[What you are asked to do]: Give back, character for character, the line that includes "this 1280×1303 image." and all lines beneath it in the data.
START Dataset extract
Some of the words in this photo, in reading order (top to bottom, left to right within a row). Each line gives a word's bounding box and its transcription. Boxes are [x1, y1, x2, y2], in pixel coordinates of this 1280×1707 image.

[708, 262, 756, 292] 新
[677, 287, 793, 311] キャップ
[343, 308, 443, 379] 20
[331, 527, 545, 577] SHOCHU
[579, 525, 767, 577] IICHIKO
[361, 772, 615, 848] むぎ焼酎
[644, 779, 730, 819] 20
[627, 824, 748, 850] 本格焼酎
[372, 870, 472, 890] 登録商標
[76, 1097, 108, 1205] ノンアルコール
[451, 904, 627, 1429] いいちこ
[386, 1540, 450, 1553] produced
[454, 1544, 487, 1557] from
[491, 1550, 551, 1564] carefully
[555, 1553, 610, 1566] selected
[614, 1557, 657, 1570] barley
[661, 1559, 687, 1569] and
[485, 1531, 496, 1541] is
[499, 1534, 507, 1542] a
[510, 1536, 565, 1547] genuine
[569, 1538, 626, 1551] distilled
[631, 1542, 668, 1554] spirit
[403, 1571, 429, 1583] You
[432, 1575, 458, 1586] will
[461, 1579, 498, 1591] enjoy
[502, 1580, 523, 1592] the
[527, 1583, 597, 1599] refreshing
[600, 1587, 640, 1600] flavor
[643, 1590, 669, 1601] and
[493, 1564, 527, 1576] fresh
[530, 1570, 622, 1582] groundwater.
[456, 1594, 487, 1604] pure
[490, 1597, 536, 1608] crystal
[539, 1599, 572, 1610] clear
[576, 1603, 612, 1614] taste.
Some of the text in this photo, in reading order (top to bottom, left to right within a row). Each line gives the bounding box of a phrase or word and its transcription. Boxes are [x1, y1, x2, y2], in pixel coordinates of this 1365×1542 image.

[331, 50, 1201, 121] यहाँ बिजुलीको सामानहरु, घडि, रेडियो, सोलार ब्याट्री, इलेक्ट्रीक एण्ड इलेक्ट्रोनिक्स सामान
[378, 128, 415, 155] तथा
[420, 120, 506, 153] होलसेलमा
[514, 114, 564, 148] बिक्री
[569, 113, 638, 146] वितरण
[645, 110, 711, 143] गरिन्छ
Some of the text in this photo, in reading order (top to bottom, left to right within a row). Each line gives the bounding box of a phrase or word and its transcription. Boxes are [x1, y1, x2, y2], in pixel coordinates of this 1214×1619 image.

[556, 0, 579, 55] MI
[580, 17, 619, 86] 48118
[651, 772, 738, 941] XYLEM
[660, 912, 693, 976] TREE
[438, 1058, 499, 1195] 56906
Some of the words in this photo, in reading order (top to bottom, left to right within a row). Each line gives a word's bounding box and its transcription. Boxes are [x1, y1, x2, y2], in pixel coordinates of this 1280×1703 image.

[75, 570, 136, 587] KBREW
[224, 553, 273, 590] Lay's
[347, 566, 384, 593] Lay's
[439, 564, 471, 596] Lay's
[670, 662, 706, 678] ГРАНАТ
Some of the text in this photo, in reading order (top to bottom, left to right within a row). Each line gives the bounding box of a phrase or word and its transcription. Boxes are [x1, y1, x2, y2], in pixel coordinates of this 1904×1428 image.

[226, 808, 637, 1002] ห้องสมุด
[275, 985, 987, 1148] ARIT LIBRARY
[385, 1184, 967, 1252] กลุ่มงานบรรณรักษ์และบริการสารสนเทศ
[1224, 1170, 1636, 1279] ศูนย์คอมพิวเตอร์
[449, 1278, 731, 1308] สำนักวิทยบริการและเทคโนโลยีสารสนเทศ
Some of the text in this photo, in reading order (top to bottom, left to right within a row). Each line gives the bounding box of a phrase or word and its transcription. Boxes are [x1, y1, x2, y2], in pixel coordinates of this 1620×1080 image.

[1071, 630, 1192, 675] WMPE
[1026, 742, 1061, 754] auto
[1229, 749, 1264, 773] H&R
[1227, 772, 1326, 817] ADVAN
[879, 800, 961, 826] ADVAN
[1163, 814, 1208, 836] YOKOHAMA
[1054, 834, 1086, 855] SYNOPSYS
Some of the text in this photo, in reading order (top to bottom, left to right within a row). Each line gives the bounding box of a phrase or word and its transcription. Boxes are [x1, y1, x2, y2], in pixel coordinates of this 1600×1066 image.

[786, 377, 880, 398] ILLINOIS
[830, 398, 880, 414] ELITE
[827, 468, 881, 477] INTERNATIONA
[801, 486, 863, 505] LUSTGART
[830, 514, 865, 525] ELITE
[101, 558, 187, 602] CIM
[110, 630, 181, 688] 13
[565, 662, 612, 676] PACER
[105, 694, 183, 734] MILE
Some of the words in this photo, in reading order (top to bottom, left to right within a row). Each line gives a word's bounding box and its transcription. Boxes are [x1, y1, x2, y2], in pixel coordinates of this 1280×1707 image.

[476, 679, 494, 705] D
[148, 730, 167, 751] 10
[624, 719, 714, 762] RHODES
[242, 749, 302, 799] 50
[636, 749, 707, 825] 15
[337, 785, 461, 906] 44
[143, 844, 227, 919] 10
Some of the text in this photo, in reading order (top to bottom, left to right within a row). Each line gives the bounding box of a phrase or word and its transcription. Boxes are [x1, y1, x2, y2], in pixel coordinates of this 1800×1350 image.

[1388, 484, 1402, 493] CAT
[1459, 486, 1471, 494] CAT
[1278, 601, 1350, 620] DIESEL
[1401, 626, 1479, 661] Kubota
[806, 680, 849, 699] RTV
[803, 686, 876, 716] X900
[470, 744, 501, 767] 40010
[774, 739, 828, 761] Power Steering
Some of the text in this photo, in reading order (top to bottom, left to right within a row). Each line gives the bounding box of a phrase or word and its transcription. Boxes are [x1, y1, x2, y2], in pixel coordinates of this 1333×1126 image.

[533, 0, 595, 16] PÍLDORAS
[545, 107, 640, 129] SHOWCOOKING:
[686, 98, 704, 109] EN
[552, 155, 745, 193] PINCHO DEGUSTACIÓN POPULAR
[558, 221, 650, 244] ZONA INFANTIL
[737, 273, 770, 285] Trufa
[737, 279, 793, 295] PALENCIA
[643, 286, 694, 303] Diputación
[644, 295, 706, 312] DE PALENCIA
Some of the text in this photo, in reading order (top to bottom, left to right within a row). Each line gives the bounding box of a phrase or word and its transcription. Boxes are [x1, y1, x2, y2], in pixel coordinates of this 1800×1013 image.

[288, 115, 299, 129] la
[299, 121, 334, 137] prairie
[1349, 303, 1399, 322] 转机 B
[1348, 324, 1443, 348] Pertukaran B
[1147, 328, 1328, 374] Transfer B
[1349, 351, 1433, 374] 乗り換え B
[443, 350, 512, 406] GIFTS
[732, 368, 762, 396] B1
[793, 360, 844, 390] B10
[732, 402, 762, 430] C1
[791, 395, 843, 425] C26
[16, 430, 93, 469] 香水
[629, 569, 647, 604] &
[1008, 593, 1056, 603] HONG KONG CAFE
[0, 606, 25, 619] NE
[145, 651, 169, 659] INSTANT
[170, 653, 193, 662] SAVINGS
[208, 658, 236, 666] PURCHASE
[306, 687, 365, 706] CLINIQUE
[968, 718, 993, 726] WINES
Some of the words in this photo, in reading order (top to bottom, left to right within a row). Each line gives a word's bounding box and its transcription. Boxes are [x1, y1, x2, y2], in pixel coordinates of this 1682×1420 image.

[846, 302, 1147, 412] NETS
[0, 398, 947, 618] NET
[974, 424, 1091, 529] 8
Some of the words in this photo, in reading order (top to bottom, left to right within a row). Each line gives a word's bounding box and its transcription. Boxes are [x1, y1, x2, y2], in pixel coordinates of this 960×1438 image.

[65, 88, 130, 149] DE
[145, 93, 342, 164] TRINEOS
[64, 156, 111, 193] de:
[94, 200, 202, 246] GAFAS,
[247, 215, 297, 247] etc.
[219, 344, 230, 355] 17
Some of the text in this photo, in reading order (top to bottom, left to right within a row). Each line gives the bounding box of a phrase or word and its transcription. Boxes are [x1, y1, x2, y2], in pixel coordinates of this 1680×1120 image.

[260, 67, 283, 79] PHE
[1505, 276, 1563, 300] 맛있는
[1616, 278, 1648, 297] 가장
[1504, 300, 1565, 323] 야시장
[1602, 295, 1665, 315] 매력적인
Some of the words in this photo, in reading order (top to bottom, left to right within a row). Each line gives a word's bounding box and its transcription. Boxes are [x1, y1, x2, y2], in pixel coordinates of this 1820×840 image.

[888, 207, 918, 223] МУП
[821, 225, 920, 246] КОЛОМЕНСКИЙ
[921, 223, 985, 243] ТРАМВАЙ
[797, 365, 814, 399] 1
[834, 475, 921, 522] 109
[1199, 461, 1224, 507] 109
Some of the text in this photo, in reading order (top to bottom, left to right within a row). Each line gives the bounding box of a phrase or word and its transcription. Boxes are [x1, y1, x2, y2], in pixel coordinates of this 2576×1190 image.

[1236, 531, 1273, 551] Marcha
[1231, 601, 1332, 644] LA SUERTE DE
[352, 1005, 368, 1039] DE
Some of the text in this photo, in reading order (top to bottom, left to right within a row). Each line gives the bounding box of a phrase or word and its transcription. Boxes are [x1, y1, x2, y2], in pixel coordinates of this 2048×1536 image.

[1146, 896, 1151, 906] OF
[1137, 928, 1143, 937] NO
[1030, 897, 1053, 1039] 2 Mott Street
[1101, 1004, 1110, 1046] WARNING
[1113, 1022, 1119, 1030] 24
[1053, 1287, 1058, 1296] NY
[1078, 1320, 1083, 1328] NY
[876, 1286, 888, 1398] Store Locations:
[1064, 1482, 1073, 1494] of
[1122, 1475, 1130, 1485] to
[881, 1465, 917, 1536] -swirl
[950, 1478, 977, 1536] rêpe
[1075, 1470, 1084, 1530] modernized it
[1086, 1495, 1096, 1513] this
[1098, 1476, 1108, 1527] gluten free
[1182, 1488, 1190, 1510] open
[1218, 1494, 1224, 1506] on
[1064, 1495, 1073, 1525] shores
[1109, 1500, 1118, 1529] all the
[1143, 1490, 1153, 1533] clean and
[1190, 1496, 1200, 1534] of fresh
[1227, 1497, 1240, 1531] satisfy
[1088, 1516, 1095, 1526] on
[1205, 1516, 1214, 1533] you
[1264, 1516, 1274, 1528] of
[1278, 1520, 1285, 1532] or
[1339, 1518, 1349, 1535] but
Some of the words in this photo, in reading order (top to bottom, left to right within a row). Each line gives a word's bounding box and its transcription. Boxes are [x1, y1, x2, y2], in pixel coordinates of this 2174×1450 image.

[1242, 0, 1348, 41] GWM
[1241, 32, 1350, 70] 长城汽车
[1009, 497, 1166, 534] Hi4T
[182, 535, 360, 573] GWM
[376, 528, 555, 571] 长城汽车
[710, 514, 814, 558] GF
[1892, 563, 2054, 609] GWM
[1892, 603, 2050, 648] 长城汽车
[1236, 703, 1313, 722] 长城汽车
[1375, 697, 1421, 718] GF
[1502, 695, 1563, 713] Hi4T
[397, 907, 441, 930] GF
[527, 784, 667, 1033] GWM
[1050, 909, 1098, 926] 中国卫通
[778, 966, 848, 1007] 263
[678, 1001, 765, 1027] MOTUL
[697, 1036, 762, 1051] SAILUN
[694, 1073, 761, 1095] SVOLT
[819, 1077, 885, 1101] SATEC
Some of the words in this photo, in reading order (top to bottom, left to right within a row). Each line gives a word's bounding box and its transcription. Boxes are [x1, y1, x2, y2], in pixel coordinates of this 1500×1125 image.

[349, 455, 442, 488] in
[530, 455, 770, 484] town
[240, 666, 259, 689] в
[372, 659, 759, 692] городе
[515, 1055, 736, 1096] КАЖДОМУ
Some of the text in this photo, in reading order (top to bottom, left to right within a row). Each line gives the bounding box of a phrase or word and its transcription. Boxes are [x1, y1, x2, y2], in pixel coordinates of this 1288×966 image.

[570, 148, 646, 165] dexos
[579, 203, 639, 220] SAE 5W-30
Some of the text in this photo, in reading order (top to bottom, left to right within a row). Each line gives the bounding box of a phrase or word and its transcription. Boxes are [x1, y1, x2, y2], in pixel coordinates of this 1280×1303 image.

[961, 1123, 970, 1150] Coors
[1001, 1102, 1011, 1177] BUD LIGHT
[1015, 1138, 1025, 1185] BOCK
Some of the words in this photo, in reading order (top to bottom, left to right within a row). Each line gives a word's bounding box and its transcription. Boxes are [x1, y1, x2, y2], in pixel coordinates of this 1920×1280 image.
END Dataset extract
[Answer to the exercise]:
Some of the text in this photo, in reading order (top to bottom, left to right within a row). Each line gives the bounding box of a phrase or word and its transcription. Boxes are [x1, y1, x2, y2], in pixel coordinates of this 1280×1303 image.

[961, 1123, 970, 1150] Coors
[1001, 1102, 1011, 1177] BUD LIGHT
[1015, 1138, 1025, 1185] BOCK
Some of the words in this photo, in reading order (top to bottom, left to right within a row). Each line gives a word's bounding box and its transcription. Boxes are [x1, y1, x2, y2], in pixel coordinates of this 1920×1280 image.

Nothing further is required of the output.